Transcribe the records that follow. Keep every word exactly, and drop the pictures.

[Phrase grounding data]
* * * * *

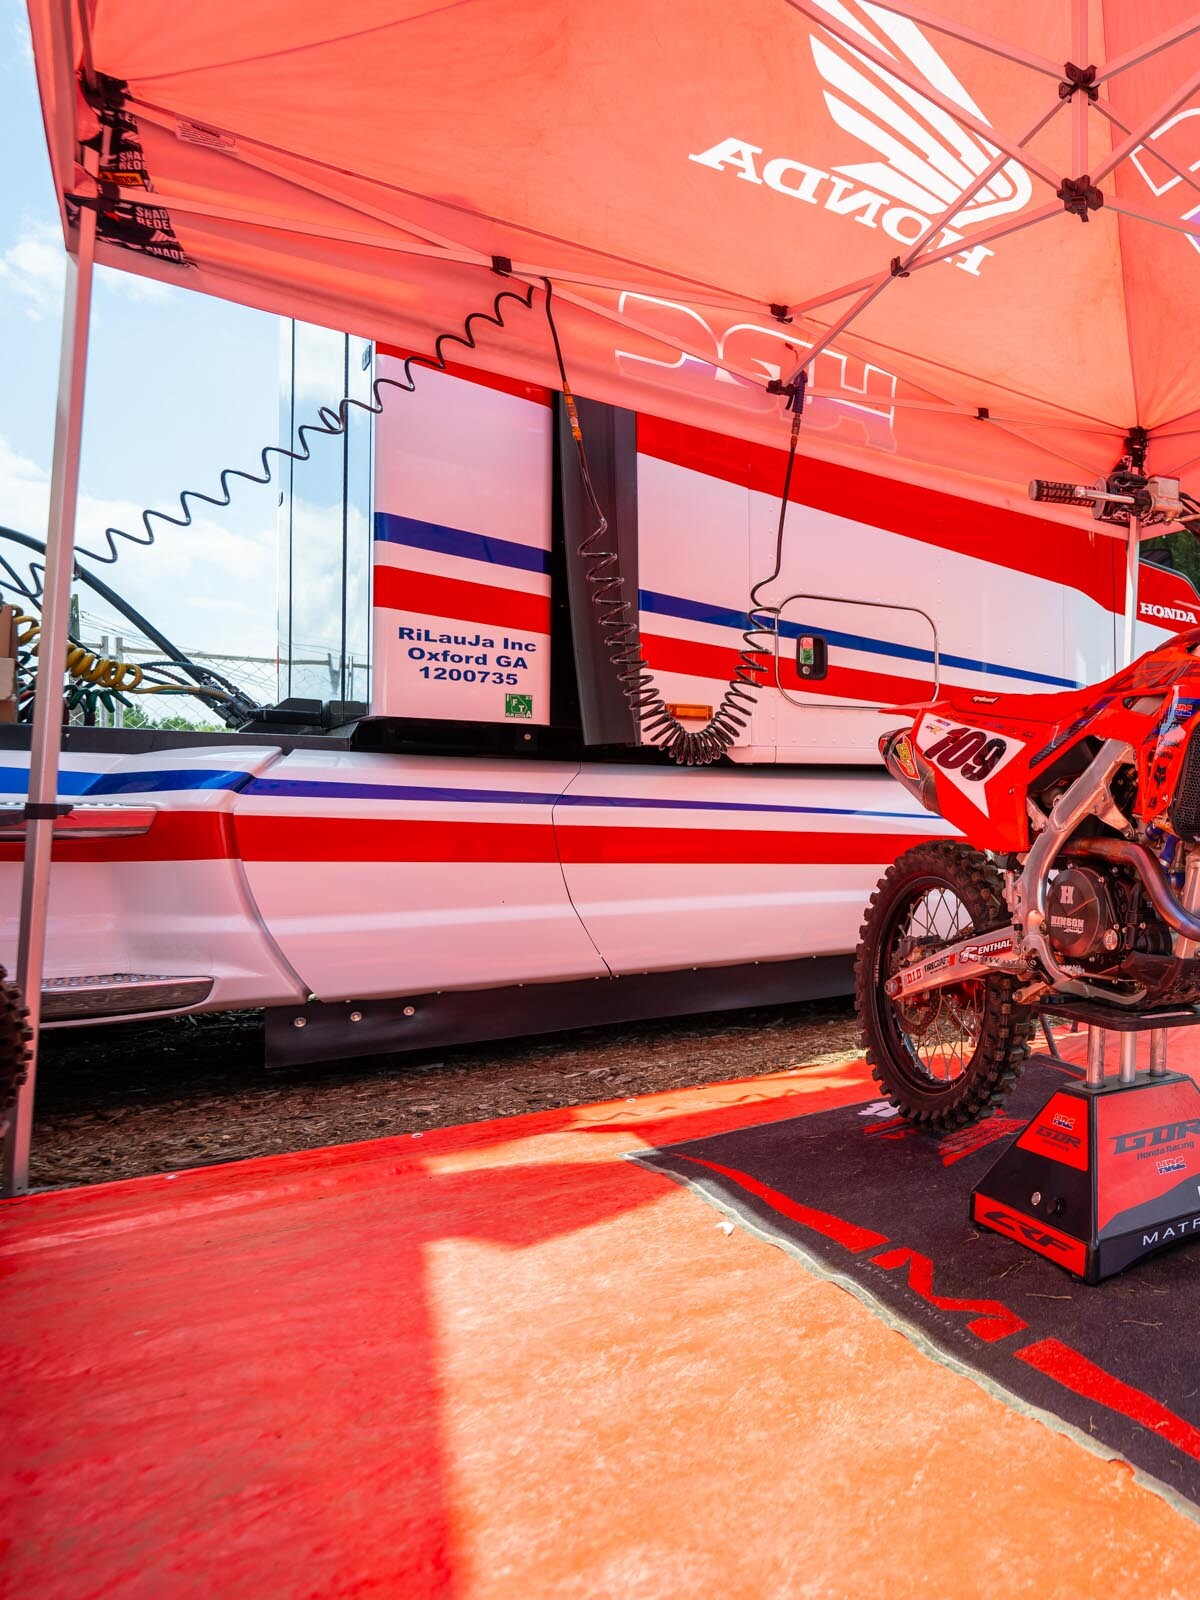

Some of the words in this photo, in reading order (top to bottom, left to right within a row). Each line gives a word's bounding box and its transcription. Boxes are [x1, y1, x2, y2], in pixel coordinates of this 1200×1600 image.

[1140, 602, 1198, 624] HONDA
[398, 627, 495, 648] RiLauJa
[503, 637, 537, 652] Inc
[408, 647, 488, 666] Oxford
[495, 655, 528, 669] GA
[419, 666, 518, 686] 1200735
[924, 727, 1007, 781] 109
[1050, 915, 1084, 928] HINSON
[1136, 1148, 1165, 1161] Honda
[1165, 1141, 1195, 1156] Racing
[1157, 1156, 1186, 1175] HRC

* * * * *

_Answer area_
Some of the words in this photo, in reading order (top to bottom, left to right within a row). Each line gives a word's bounding box and its transcription. Boxes are [x1, y1, x2, y2], in pixel coordinates of this 1200×1600 image.

[1140, 602, 1198, 624] HONDA
[398, 627, 495, 648] RiLauJa
[503, 637, 537, 652] Inc
[408, 647, 488, 666] Oxford
[495, 655, 528, 669] GA
[419, 666, 518, 686] 1200735
[924, 727, 1007, 781] 109
[1050, 915, 1084, 928] HINSON
[1136, 1148, 1165, 1161] Honda
[1165, 1141, 1195, 1156] Racing
[1157, 1156, 1186, 1175] HRC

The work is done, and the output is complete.